Ruang lingkup akuntansi sektor publik mencakup semua instansi pemerintah dan organisasi nirlaba. Akuntansi sektor publik juga memiliki hubungan yang sangat erat dengan penerapan dan perlakuan akuntansi sektor publik. Sektor publik memiliki cakupan yang lebih luas dan kompleks daripada sektor swasta yang lebih sempit. Perluasan ruang lingkup sektor publik tidak semata-mata disebabkan oleh keragaman dan bentuk organisasi di dalamnya, atau dipengaruhi oleh lingkungan kompleks yang mempengaruhi lembaga-lembaga publik tersebut. Secara kelembagaan, sektor publik meliputi instansi pemerintah, pemerintah pusat dan daerah serta satuan kerja pemerintah, perusahaan publik, baik BUMN maupun BUMD, organisasi dan lembaga, organisasi politik dan massa, lembaga swadaya masyarakat (LSM), dinas kesehatan, perguruan tinggi dan organisasi nirlaba lainnya. Bahkan, beberapa tugas dan fungsi sektor publik juga dapat dilakukan oleh sektor swasta, misalnya tugas menghasilkan beberapa jenis layanan publik, seperti layanan telekomunikasi, pemungutan pajak, pendidikan, transportasi umum, dll. Namun untuk beberapa tugas, keberadaan sektor publik tidak dapat digantikan oleh sektor swasta, misalnya fungsi birokrasi pemerintah. Dengan demikian, akuntansi sektor publik berbeda dari akuntansi sektor swasta.
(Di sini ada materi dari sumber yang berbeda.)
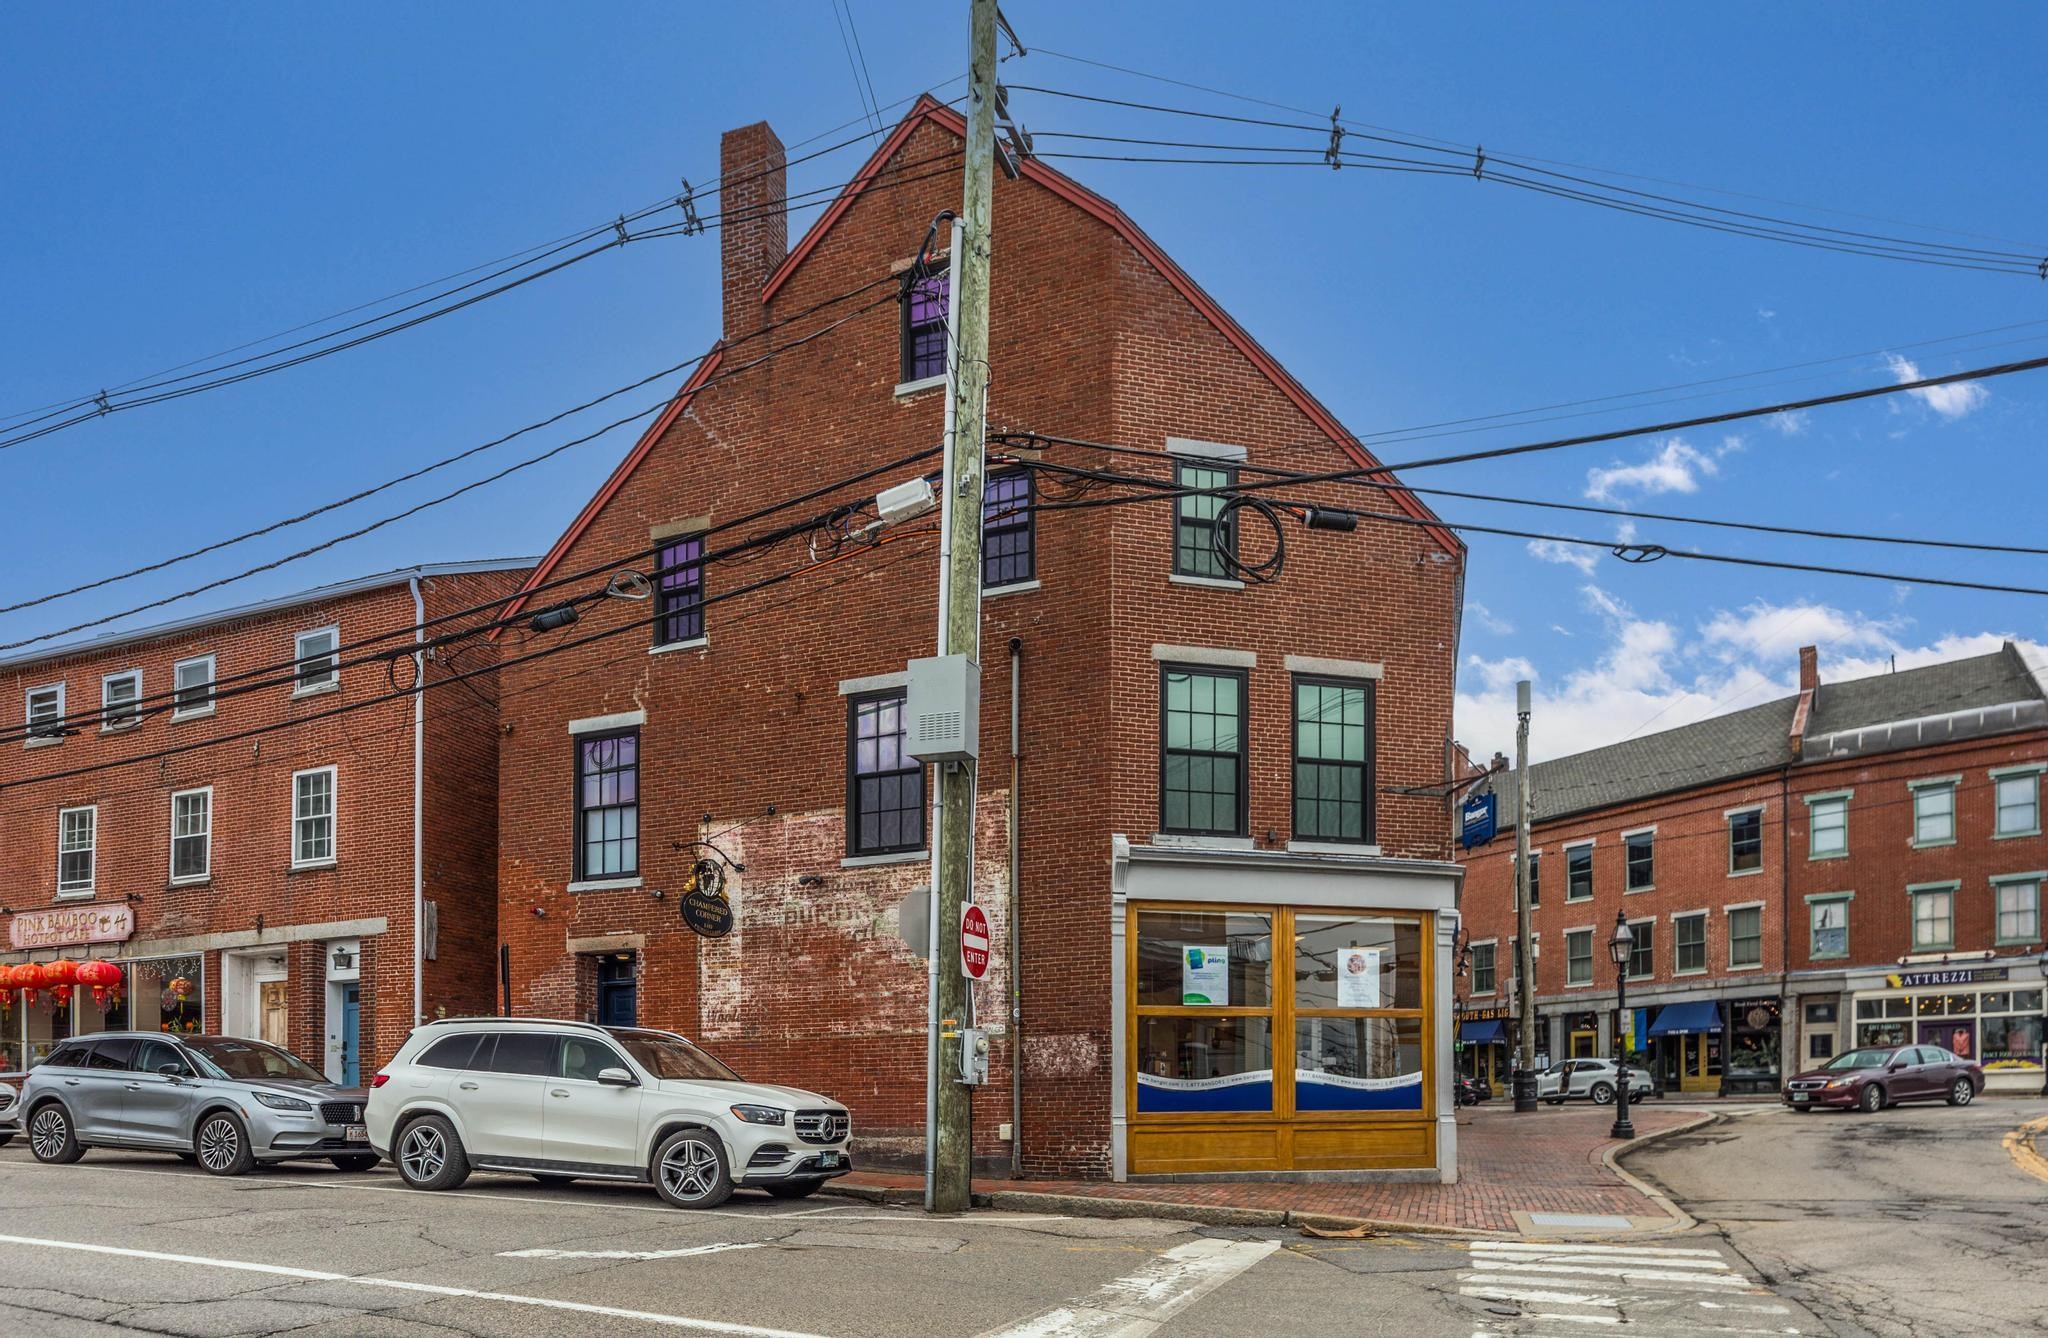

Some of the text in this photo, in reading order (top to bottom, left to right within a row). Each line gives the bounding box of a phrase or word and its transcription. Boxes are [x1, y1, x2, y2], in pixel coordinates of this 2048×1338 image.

Standar akuntansi adalah panduan atau prinsip umum yang mengelola perbuatan sebuah akuntansi dalam perancangan dan penyajian laporan keuangan untuk dikomunikasikan pada pemakai laporan keuangan, selain itu, sedangkan suatu prosedur akuntansi adalah pelaksanaan khusus yang nantinya akan dipakai untuk menerapkan patokan tersebut. Untuk mengetahui kepatuhan dengan proses yang telah di tetapkan, sistem akuntansi sektor publik ini harus memiliki sistem pengawasan internal untuk pendapatan dan pengeluaran dari dana publik. Pengembangan patokan akuntansi sangat penting untuk memastikan ketetapan dari sebuah laporan keuangan. Kurangnya standar akuntansi yang mencukupi akan berdampak kurang baik pada berupa kurangnya tingkat keandalan dan keobjektifan dari penjelasan data yang akan disajikan, inkonsistensi di dalam laporan keuangan, dan kesulitan dalam audit.
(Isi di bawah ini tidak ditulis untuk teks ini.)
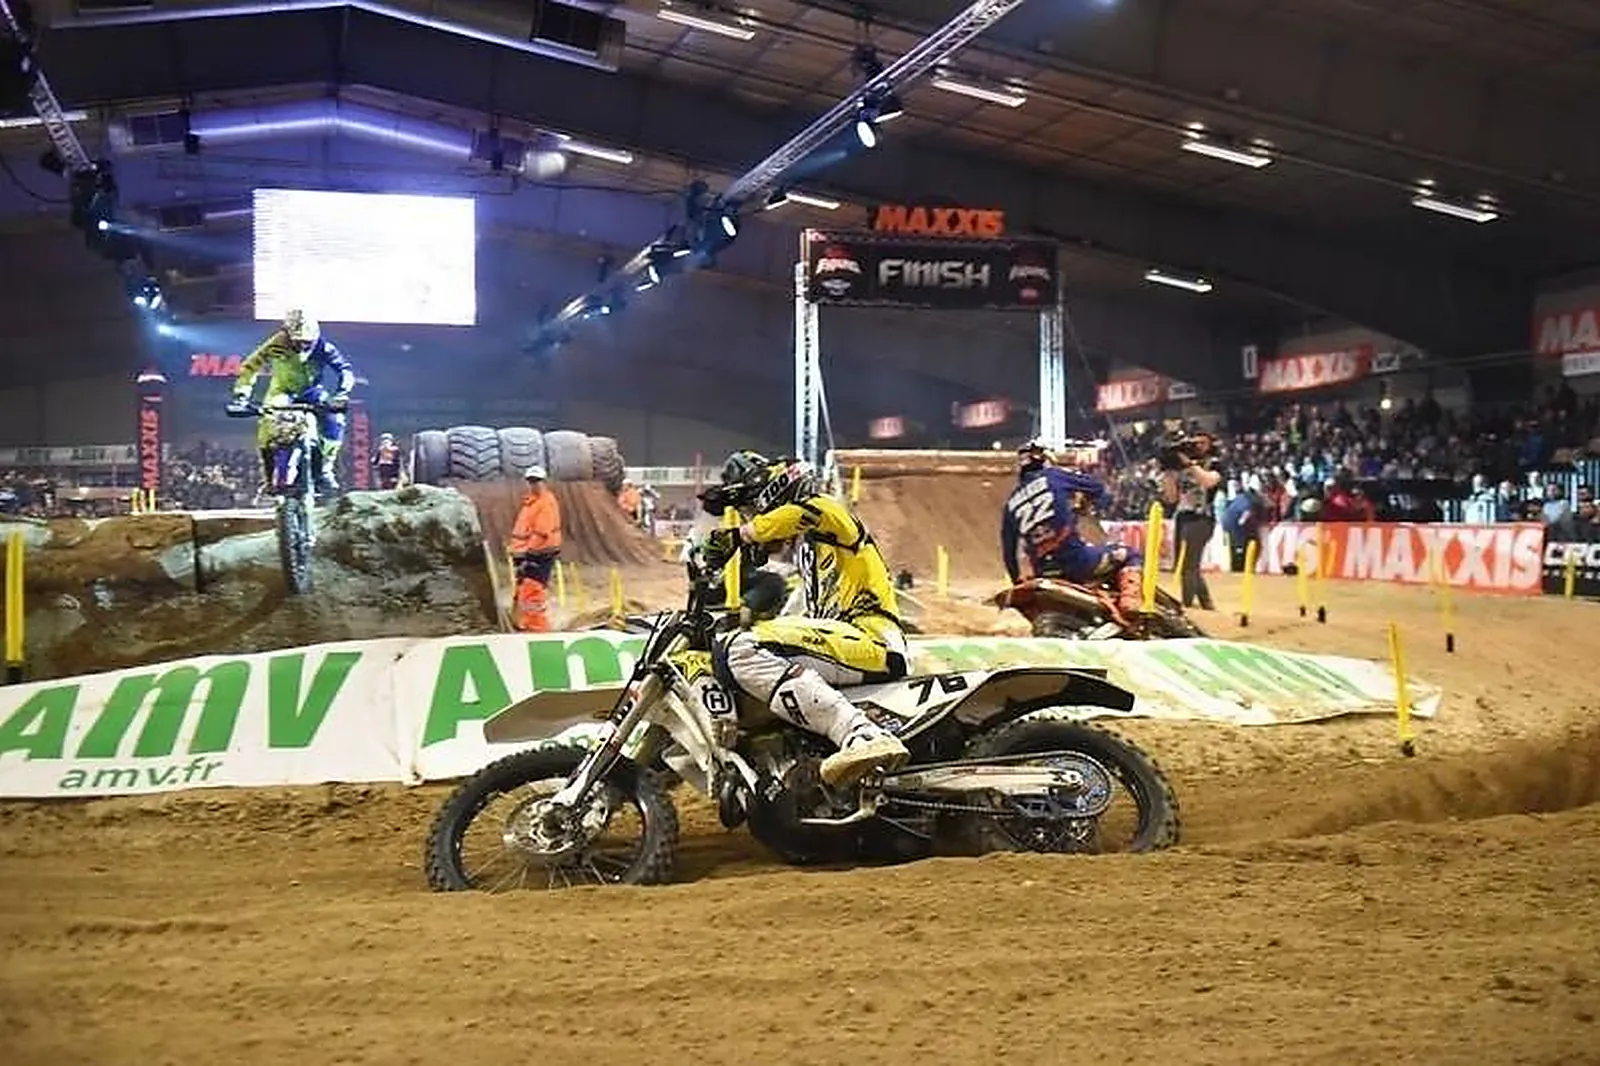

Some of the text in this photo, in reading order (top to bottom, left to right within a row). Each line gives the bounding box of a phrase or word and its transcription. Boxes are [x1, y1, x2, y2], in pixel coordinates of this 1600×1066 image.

[875, 206, 1004, 236] MAXXIS
[879, 258, 990, 289] FINISH
[190, 353, 244, 376] MA
[1260, 351, 1356, 391] MAXXIS
[139, 409, 161, 488] MAXXIS
[1015, 491, 1056, 533] 22
[1255, 522, 1318, 576] XIS
[1342, 526, 1544, 590] MAXXIS
[908, 674, 968, 707] 76
[58, 757, 224, 790] amv.fr
Akuntansi sektor publik mempunyai kiprah primer buat menyediakan sebuah laporan keuangan menjadi keliru satu bentuk aplikasi akuntabilitas publik. Di dalam akuntansi dan laporan keuangan memuat definisi menjadi suatu prosedur penghimpunan, pengerjaan dan pendiskusian fakta yg berguna buat pembuatan sebuah keputusan dan buat menilai suatu kinerja pada sebuah organisasi. Lantaran keperluan sebuah fakta pada sektor publik yang lebih bermacam-macam, oleh karena itu faktanya hanya terbatas dalam fakta keuangan yg didapatkan dan sistem akuntansi pada sebuah organsisasi. Informasi non-moneter misalnya berukuran hasil pelayanan wajib juga ditinjau kembali pada suatu pembuatan sebuah keputusan.
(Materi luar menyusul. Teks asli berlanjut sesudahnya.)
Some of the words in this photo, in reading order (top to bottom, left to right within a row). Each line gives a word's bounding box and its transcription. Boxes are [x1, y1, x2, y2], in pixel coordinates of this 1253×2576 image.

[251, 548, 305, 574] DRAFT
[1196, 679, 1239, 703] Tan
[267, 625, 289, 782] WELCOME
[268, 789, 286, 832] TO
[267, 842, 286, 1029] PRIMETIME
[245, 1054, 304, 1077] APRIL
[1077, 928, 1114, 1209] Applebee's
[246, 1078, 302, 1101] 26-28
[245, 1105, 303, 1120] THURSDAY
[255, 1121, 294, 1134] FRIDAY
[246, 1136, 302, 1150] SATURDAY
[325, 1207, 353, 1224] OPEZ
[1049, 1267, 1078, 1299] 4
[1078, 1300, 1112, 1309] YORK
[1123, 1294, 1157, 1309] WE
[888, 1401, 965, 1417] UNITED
Akuntansi sektor publik penting untuk diterapkan karena pelaksanaan dari akuntansi sektor publik memiliki banyak dampak positif terutama mengenai kualitas laporan keuangan, menunjukkan bahwa semakin tinggi pelaksanaan dari akuntansi sektor publik, semakin baik kualitas akuntansi sektor publik. laporan keuangan. Oleh karena itu kami mengharapkan akuntansi sektor publik dapat dilakukan di semua instansi pemerintah, bahkan sampai instansi pemerintah tingkat desa. Dan kami berharap pelaksanaannya lebih transparan sehingga tidak ada kecurangan atau tindakan yang dapat merugikan negara sehingga Indonesia menjadi negara yang sejahtera, maju dan maju.